** Opening Data supplied block **

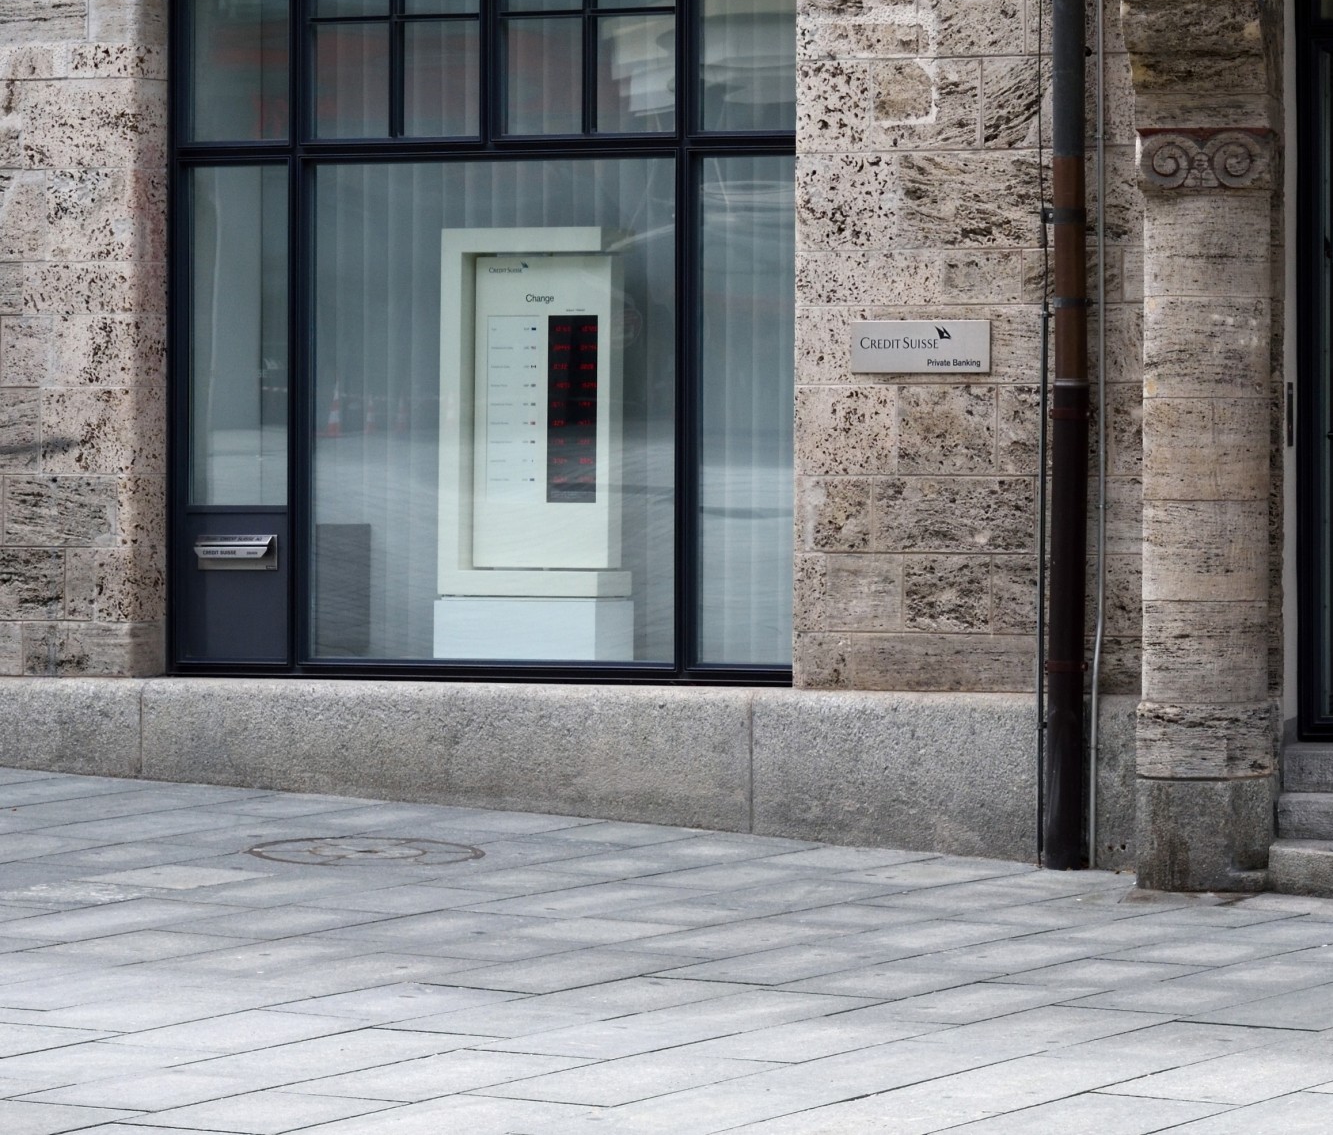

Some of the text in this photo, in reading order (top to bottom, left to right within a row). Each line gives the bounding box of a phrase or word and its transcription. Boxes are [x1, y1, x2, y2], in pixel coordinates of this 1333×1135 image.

[525, 293, 555, 305] Change
[859, 336, 939, 350] CREDIT SUISSE
[927, 358, 981, 368] Private Banking
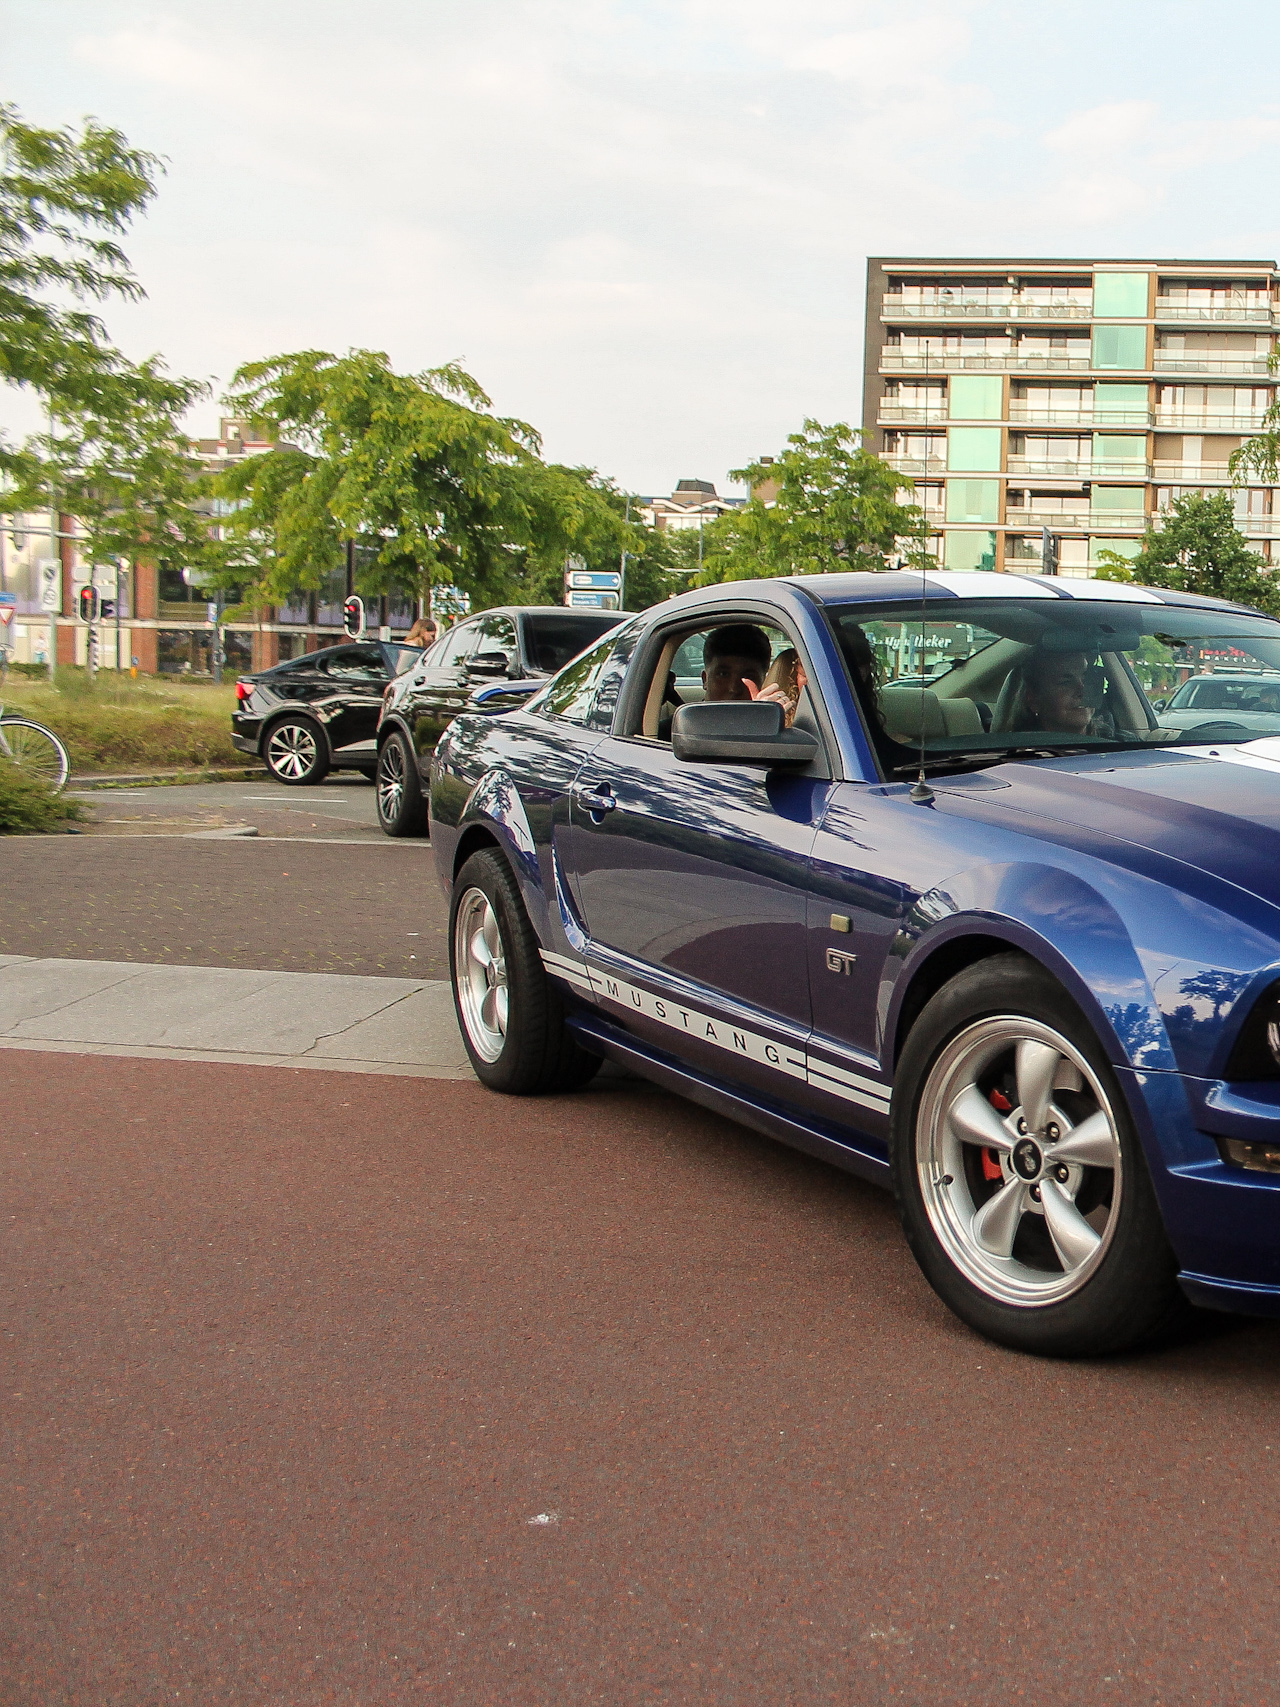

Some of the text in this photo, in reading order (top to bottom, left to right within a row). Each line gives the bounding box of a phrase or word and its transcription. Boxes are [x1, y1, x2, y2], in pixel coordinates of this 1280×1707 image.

[885, 634, 952, 650] Hytheker
[826, 947, 857, 976] GT
[606, 979, 781, 1064] MUSTANG
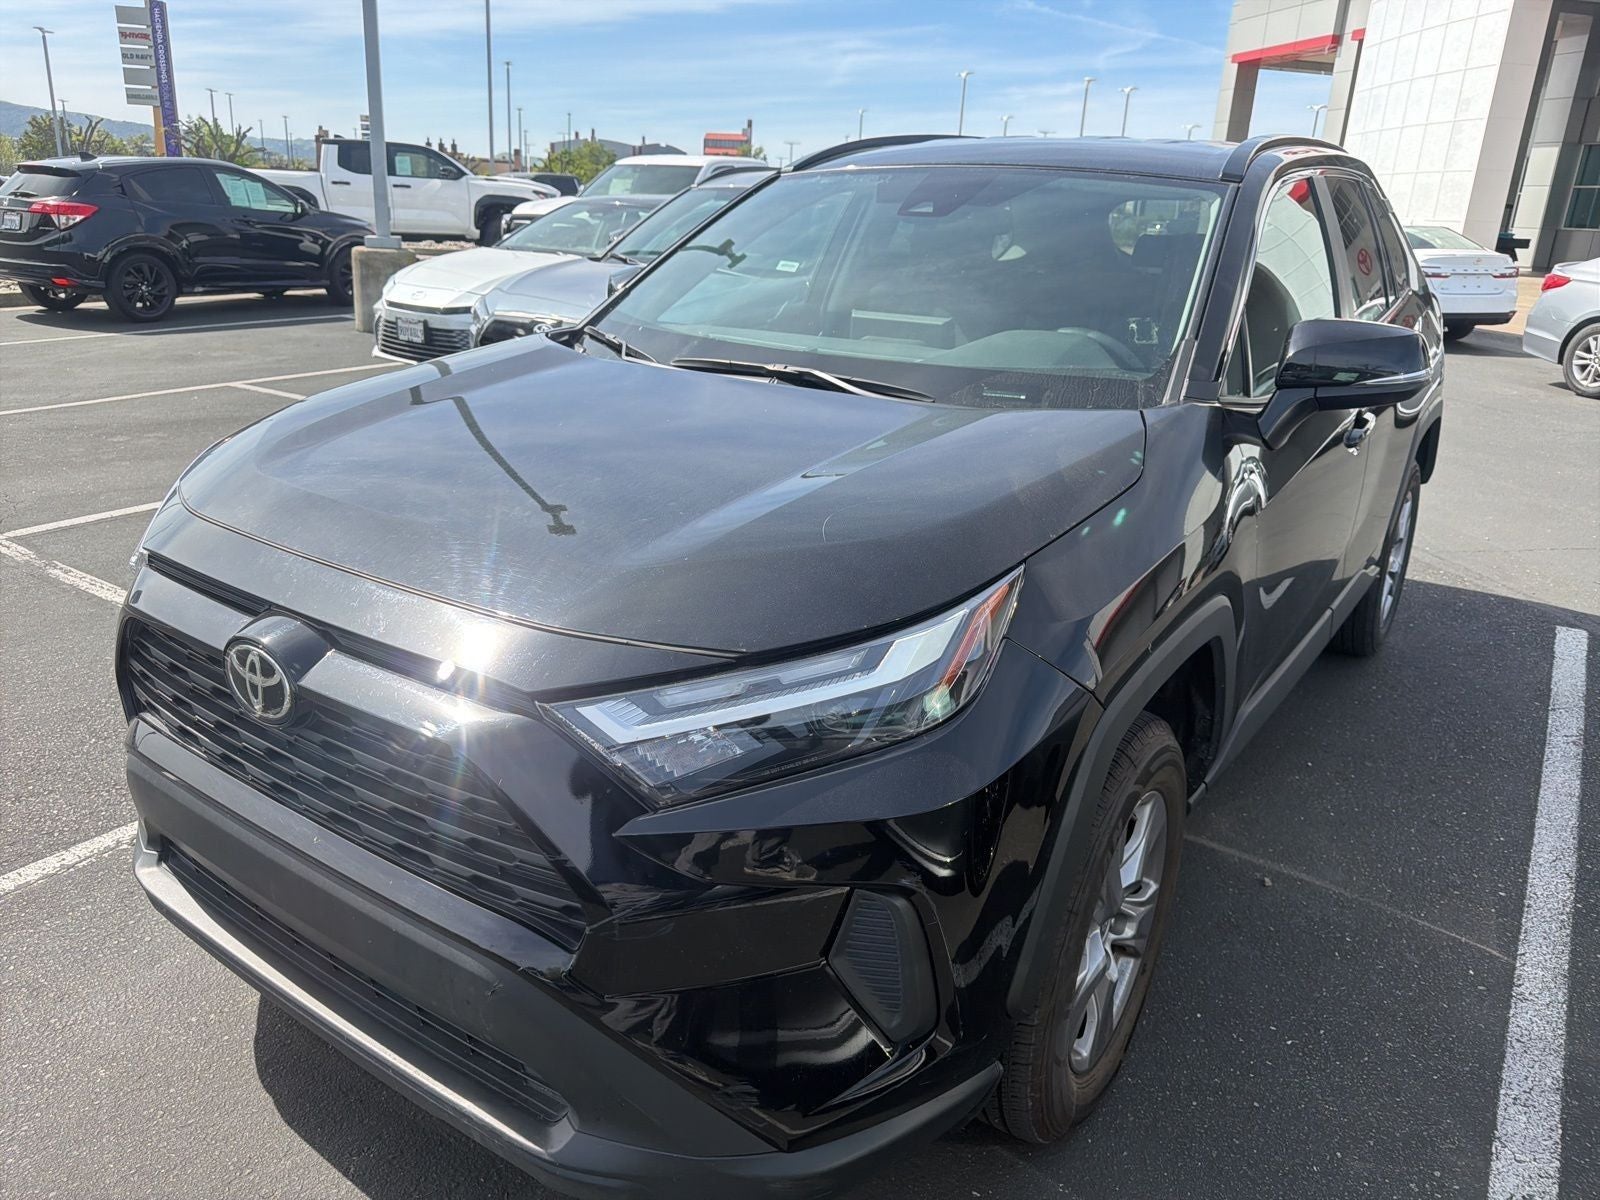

** Closing Data supplied block **

§ **Assignment**
Word-for-word copy, no pictures: write out the entries above in full.

§ **Response area**
Some of the text in this photo, in reading order (top to bottom, left to right within a row). Each line gives the bounding box of a phrase or word and its transcription. Boxes are [x1, y1, x2, y2], in pixel coordinates of this 1333×1135 image.

[525, 293, 555, 305] Change
[859, 336, 939, 350] CREDIT SUISSE
[927, 358, 981, 368] Private Banking

Some of the text in this photo, in reading order (top to bottom, left to right within a row). Each line gives the bounding box of a phrase or word and its transcription. Boxes are [x1, y1, x2, y2], in pixel coordinates of this 1280×1707 image.

[885, 634, 952, 650] Hytheker
[826, 947, 857, 976] GT
[606, 979, 781, 1064] MUSTANG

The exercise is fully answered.